Perlahan selimut putih ditarik untuk menutupi wajah ibuku. Embun memeluk ibuku seraya menangis histeris. Begiti pula dengan kakekku, beliau menangis tersedu di lantai yang dingin itu.
Sedangkan aku? Aku hanya terdiam seribu bahasa. Tak ada satu kata pun yang keluar dari mulutku. Bahkan menangis pun aku juga tak mampu.
Perlahan Kakek menghampiriku. "Kau lihat... ? Ibumu meninggal karena semua ulahmu. Kau memang anak yang tak tahu diuntung. Kau hanya menyusahkan keluargamu saja. Kau pembunuh Naya. Kau membunuh putriku." Ucap Kakek dengan suaranya yang menggelegar memenuhi ruangan itu.
"Aku pembunuh? Tidak ... Aku bukan pembunuh.. Teriakku dengan begitu histeris di dalam ruangan itu. Tanganku membuka selimut yang menutup tubuh ibuku. Ku goyang - goyangkan badannya seraya bernyanyi..
"Nina bobo.. Oh nina bobo... Kalau tidak bobo digigit nyamuk.. Hehehe.. Nak liat nenek tertidur pulas. Sepertinya nenek suka dengan suara ibu." ucapku sembari mengelus perutku yang masih rata.
"Kak... Kaka Naya.. Hentikan.. Kakak tidak boleh seperti ini." ucap Embun dengan nada paniknya.

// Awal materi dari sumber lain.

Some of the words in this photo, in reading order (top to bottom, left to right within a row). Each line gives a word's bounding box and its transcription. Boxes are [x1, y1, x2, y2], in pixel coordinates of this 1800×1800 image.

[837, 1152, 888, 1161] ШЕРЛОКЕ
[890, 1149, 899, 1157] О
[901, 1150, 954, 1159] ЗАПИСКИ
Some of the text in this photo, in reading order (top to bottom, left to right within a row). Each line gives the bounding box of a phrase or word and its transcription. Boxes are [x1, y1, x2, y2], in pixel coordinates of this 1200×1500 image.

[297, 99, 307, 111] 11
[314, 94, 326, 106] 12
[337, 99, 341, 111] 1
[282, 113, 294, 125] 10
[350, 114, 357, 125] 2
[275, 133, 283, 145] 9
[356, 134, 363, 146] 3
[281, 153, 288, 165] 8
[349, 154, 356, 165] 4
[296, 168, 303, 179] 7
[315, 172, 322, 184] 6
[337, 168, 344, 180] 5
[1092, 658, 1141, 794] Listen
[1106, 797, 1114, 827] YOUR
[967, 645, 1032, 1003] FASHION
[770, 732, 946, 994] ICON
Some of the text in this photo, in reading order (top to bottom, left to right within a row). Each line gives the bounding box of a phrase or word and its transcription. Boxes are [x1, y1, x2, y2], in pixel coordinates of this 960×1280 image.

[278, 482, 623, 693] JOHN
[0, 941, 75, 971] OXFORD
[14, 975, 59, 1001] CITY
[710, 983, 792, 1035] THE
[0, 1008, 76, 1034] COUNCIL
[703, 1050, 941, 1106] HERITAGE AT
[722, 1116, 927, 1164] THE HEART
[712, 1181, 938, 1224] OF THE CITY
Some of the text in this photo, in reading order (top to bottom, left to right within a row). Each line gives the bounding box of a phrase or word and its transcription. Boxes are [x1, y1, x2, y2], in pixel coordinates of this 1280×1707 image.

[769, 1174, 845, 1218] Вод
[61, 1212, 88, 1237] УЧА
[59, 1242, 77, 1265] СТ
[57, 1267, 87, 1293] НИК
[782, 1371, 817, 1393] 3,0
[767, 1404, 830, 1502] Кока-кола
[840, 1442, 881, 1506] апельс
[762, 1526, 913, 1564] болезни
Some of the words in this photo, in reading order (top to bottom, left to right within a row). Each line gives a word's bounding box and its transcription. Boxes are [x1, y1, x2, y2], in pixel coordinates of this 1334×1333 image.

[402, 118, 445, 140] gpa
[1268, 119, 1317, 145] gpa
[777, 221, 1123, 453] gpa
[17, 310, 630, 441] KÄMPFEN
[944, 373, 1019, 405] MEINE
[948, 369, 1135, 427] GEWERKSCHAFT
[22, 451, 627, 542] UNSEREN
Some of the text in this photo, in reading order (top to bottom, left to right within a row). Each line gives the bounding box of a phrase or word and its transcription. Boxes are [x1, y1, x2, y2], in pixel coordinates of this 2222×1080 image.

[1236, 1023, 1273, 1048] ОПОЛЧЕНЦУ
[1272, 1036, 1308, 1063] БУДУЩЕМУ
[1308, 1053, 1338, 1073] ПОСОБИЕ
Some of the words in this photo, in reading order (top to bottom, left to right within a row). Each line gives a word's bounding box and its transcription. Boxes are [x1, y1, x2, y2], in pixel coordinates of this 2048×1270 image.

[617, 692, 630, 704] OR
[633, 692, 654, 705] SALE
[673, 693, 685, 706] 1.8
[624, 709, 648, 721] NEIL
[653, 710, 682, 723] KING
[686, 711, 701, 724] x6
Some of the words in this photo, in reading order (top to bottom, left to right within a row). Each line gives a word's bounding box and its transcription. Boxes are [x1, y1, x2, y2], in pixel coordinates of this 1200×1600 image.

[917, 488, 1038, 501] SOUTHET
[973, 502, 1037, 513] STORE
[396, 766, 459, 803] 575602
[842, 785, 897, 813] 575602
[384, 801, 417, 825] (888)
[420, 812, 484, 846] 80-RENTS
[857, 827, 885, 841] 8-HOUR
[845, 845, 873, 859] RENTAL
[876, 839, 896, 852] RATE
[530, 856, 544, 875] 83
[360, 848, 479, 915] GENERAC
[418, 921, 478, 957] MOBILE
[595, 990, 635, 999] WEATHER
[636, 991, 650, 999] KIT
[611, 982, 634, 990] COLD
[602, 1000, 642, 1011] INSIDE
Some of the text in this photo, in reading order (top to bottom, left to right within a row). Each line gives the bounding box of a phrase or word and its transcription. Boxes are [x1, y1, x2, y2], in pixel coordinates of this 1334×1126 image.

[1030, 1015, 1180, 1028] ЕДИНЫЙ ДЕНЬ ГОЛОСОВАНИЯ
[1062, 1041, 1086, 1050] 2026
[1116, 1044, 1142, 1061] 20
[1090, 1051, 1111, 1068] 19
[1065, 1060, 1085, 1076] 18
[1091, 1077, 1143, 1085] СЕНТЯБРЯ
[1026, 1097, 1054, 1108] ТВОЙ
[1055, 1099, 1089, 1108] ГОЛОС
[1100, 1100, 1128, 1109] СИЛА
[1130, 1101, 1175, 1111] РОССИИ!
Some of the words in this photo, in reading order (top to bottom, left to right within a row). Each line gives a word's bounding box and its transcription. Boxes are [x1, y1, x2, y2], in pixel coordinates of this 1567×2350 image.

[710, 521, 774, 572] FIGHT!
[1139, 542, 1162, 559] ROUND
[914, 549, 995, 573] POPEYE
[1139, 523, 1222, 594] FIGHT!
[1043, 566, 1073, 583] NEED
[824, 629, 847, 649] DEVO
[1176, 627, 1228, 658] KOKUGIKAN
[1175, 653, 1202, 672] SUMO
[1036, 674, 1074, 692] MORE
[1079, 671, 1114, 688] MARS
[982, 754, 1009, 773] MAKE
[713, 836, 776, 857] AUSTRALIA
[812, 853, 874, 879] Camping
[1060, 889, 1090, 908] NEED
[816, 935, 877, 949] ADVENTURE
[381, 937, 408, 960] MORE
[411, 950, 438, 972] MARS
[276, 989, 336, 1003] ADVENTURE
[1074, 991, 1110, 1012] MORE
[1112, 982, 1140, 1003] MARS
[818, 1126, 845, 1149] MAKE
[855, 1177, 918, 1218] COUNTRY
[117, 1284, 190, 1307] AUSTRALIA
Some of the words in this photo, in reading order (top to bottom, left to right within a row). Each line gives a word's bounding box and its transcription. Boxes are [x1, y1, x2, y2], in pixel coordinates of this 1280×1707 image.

"Naya hentikan leluconmu. Cukup Naya.. " Teriakan Kakekku menggema memenuhi isi ruangan itu.
Plakkk..
Kakekku pun menampar pipiku dengan begitu kerasnya. Namun bukannya menangis, aku malah tertawa dengab kencang meminta dipukul lagi oleh kakekku.
"Lagi .. Lagi... Lagi pak tua... " ucapku seraya bertepuk tangan dengan begitu hebohnya. Aku meremas - remas rambutku sendiri seraya berlari - lari kecil di dalam ruangan itu.
Gila.. Sungguh benar - benar gila. Kewarasanku benar - benar telah hilang. Semua tingkahku tak masuk logika.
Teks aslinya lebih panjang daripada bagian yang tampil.